Phrase grounding data:
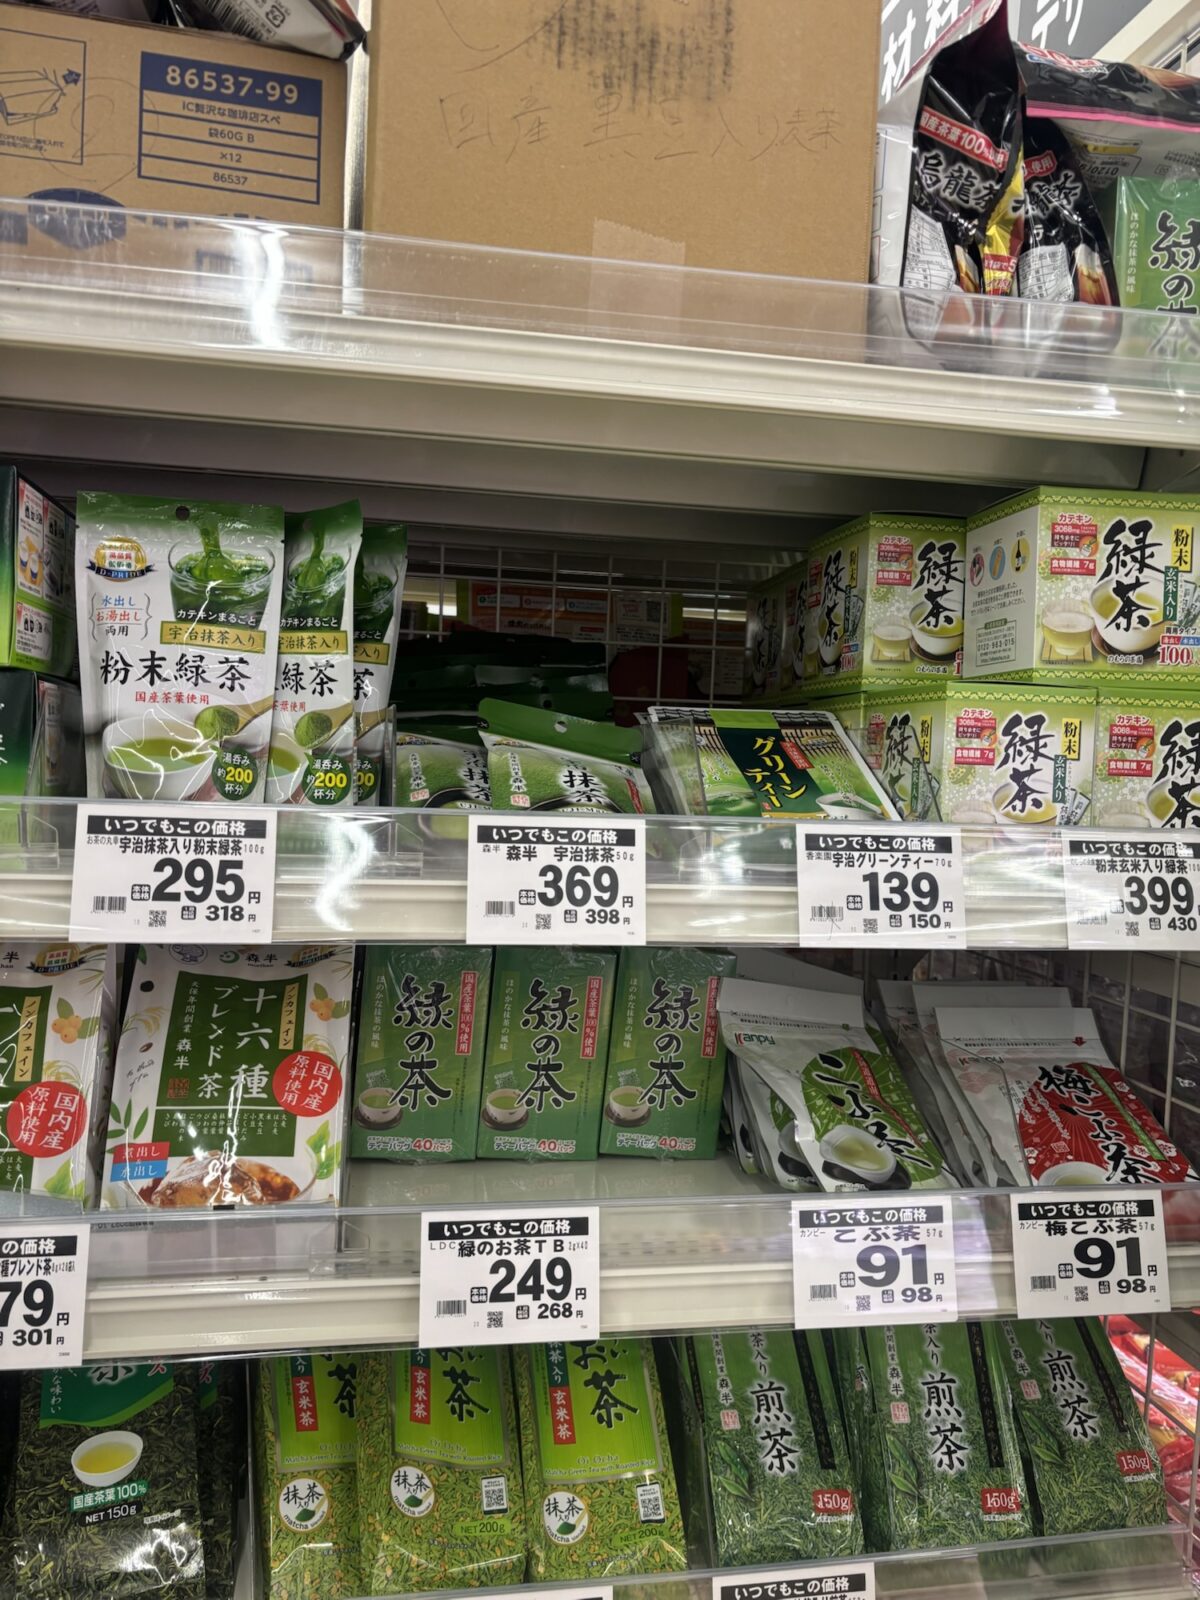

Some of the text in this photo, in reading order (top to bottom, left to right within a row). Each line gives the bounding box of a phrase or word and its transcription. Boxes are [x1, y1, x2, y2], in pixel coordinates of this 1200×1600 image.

[165, 64, 299, 105] 86537-99
[208, 127, 255, 143] 袋60G B
[213, 172, 248, 186] 86537
[1059, 514, 1092, 524] カテキン
[883, 536, 911, 545] カテキン
[1174, 529, 1189, 567] 粉末
[912, 541, 965, 628] 緑茶
[1097, 519, 1165, 632] 緑茶
[101, 595, 136, 607] 水出し
[1166, 568, 1177, 619] 玄米入り
[96, 611, 141, 622] お湯出し
[177, 609, 256, 626] カテキンまるごと
[105, 625, 129, 637] 両用
[169, 625, 256, 647] 宇治抹茶入り
[100, 650, 252, 692] 粉末緑茶
[135, 690, 209, 705] 国産茶葉使用
[962, 708, 993, 718] カテキン
[1117, 715, 1150, 725] カテキン
[1064, 722, 1078, 756] 粉末
[223, 752, 250, 766] 湯呑み
[313, 759, 342, 770] 湯呑み
[753, 736, 806, 799] グリーン
[995, 713, 1055, 814] 緑茶
[225, 784, 244, 796] 杯分
[745, 768, 781, 807] ティー
[1054, 756, 1065, 803] 玄米入り
[313, 788, 336, 800] 杯分
[105, 818, 246, 836] いつでもこの価格
[492, 828, 618, 845] いつでもこの価格
[119, 837, 242, 856] 宇治抹茶入り粉末緑茶
[244, 844, 264, 854] 100g
[482, 845, 634, 862] 森半 森半 宇治抹茶 50g
[819, 836, 936, 851] いつでもこの価格
[832, 852, 933, 869] 宇治グリーンティー
[935, 858, 952, 867] 70g
[1095, 859, 1188, 874] 粉末玄米入り緑茶
[151, 857, 260, 904] 295 円
[537, 864, 633, 908] 369 円
[862, 871, 953, 913] 139 円
[1125, 876, 1194, 915] 399
[205, 905, 245, 922] 318
[248, 914, 256, 922] 円
[585, 909, 620, 924] 398
[623, 917, 630, 925] 円
[909, 914, 941, 928] 150
[944, 921, 951, 929] 円
[1167, 917, 1197, 931] 430
[282, 985, 298, 1046] ノンカフェイン
[371, 975, 385, 1049] ほのかな抹茶の風味
[458, 972, 475, 1054] 国産茶葉100%使用
[584, 978, 600, 1057] 国産茶葉100%使用
[623, 978, 638, 1048] ほのかな抹茶の風味
[18, 1000, 37, 1080] ノンカフェイン
[197, 985, 239, 1099] ブレンド茶
[231, 988, 277, 1099] 十六種
[388, 973, 453, 1112] 緑の茶
[515, 978, 579, 1113] 緑の茶
[638, 977, 701, 1109] 緑の茶
[735, 1033, 776, 1047] Kanpy
[174, 1038, 192, 1070] 森半
[282, 1054, 309, 1106] 原料使用
[301, 1060, 335, 1113] 国内産
[17, 1087, 50, 1147] 原料使用
[814, 1052, 933, 1168] こぶ茶
[39, 1092, 79, 1150] 国内産
[813, 1208, 927, 1224] いつでもこの価格
[1031, 1202, 1139, 1217] いつでもこの価格
[444, 1219, 571, 1236] いつでもこの価格
[834, 1225, 943, 1243] こぶ茶 57g
[1045, 1218, 1155, 1237] 梅こぶ茶 57g
[2, 1238, 56, 1255] の価格
[856, 1244, 944, 1287] 91 円
[1074, 1237, 1157, 1279] 91 円
[489, 1257, 587, 1303] 249 円
[1117, 1279, 1146, 1294] 98
[1150, 1285, 1156, 1293] 円
[0, 1279, 70, 1328] 79 円
[901, 1287, 933, 1303] 98
[537, 1303, 573, 1319] 268
[576, 1310, 583, 1318] 円
[12, 1328, 64, 1347] 301 円
[414, 1372, 428, 1418] 玄米茶
[719, 1378, 732, 1404] 森半
[1044, 1351, 1098, 1438] 煎茶
[297, 1379, 315, 1426] 玄米茶
[553, 1390, 572, 1440] 玄米茶
[921, 1373, 968, 1470] 煎茶
[750, 1382, 800, 1474] 煎茶
[1121, 1455, 1147, 1471] 150g
[395, 1470, 431, 1491] 抹茶
[407, 1486, 418, 1495] 入り
[73, 1483, 147, 1510] 国産茶葉100%
[283, 1482, 325, 1504] 抹茶
[817, 1493, 849, 1511] 150g
[985, 1491, 1016, 1509] 150g
[86, 1512, 105, 1524] NET
[107, 1505, 137, 1520] 150g
[296, 1500, 308, 1509] 入り
[394, 1495, 416, 1516] matcha
[545, 1496, 583, 1517] 抹茶
[283, 1514, 308, 1530] matcha
[461, 1521, 505, 1535] NET 200g
[546, 1524, 570, 1543] matcha
[620, 1527, 664, 1543] NET 200g
[735, 1576, 850, 1600] いつでもこの価格

**TASK**
All records above are to be output verbatim, with their pictures omitted.

**RESULT**
Some of the text in this photo, in reading order (top to bottom, left to right within a row). Each line gives the bounding box of a phrase or word and its transcription. Boxes are [x1, y1, x2, y2], in pixel coordinates of this 1200×1600 image.

[165, 64, 299, 105] 86537-99
[208, 127, 255, 143] 袋60G B
[213, 172, 248, 186] 86537
[1059, 514, 1092, 524] カテキン
[883, 536, 911, 545] カテキン
[1174, 529, 1189, 567] 粉末
[912, 541, 965, 628] 緑茶
[1097, 519, 1165, 632] 緑茶
[101, 595, 136, 607] 水出し
[1166, 568, 1177, 619] 玄米入り
[96, 611, 141, 622] お湯出し
[177, 609, 256, 626] カテキンまるごと
[105, 625, 129, 637] 両用
[169, 625, 256, 647] 宇治抹茶入り
[100, 650, 252, 692] 粉末緑茶
[135, 690, 209, 705] 国産茶葉使用
[962, 708, 993, 718] カテキン
[1117, 715, 1150, 725] カテキン
[1064, 722, 1078, 756] 粉末
[223, 752, 250, 766] 湯呑み
[313, 759, 342, 770] 湯呑み
[753, 736, 806, 799] グリーン
[995, 713, 1055, 814] 緑茶
[225, 784, 244, 796] 杯分
[745, 768, 781, 807] ティー
[1054, 756, 1065, 803] 玄米入り
[313, 788, 336, 800] 杯分
[105, 818, 246, 836] いつでもこの価格
[492, 828, 618, 845] いつでもこの価格
[119, 837, 242, 856] 宇治抹茶入り粉末緑茶
[244, 844, 264, 854] 100g
[482, 845, 634, 862] 森半 森半 宇治抹茶 50g
[819, 836, 936, 851] いつでもこの価格
[832, 852, 933, 869] 宇治グリーンティー
[935, 858, 952, 867] 70g
[1095, 859, 1188, 874] 粉末玄米入り緑茶
[151, 857, 260, 904] 295 円
[537, 864, 633, 908] 369 円
[862, 871, 953, 913] 139 円
[1125, 876, 1194, 915] 399
[205, 905, 245, 922] 318
[248, 914, 256, 922] 円
[585, 909, 620, 924] 398
[623, 917, 630, 925] 円
[909, 914, 941, 928] 150
[944, 921, 951, 929] 円
[1167, 917, 1197, 931] 430
[282, 985, 298, 1046] ノンカフェイン
[371, 975, 385, 1049] ほのかな抹茶の風味
[458, 972, 475, 1054] 国産茶葉100%使用
[584, 978, 600, 1057] 国産茶葉100%使用
[623, 978, 638, 1048] ほのかな抹茶の風味
[18, 1000, 37, 1080] ノンカフェイン
[197, 985, 239, 1099] ブレンド茶
[231, 988, 277, 1099] 十六種
[388, 973, 453, 1112] 緑の茶
[515, 978, 579, 1113] 緑の茶
[638, 977, 701, 1109] 緑の茶
[735, 1033, 776, 1047] Kanpy
[174, 1038, 192, 1070] 森半
[282, 1054, 309, 1106] 原料使用
[301, 1060, 335, 1113] 国内産
[17, 1087, 50, 1147] 原料使用
[814, 1052, 933, 1168] こぶ茶
[39, 1092, 79, 1150] 国内産
[813, 1208, 927, 1224] いつでもこの価格
[1031, 1202, 1139, 1217] いつでもこの価格
[444, 1219, 571, 1236] いつでもこの価格
[834, 1225, 943, 1243] こぶ茶 57g
[1045, 1218, 1155, 1237] 梅こぶ茶 57g
[2, 1238, 56, 1255] の価格
[856, 1244, 944, 1287] 91 円
[1074, 1237, 1157, 1279] 91 円
[489, 1257, 587, 1303] 249 円
[1117, 1279, 1146, 1294] 98
[1150, 1285, 1156, 1293] 円
[0, 1279, 70, 1328] 79 円
[901, 1287, 933, 1303] 98
[537, 1303, 573, 1319] 268
[576, 1310, 583, 1318] 円
[12, 1328, 64, 1347] 301 円
[414, 1372, 428, 1418] 玄米茶
[719, 1378, 732, 1404] 森半
[1044, 1351, 1098, 1438] 煎茶
[297, 1379, 315, 1426] 玄米茶
[553, 1390, 572, 1440] 玄米茶
[921, 1373, 968, 1470] 煎茶
[750, 1382, 800, 1474] 煎茶
[1121, 1455, 1147, 1471] 150g
[395, 1470, 431, 1491] 抹茶
[407, 1486, 418, 1495] 入り
[73, 1483, 147, 1510] 国産茶葉100%
[283, 1482, 325, 1504] 抹茶
[817, 1493, 849, 1511] 150g
[985, 1491, 1016, 1509] 150g
[86, 1512, 105, 1524] NET
[107, 1505, 137, 1520] 150g
[296, 1500, 308, 1509] 入り
[394, 1495, 416, 1516] matcha
[545, 1496, 583, 1517] 抹茶
[283, 1514, 308, 1530] matcha
[461, 1521, 505, 1535] NET 200g
[546, 1524, 570, 1543] matcha
[620, 1527, 664, 1543] NET 200g
[735, 1576, 850, 1600] いつでもこの価格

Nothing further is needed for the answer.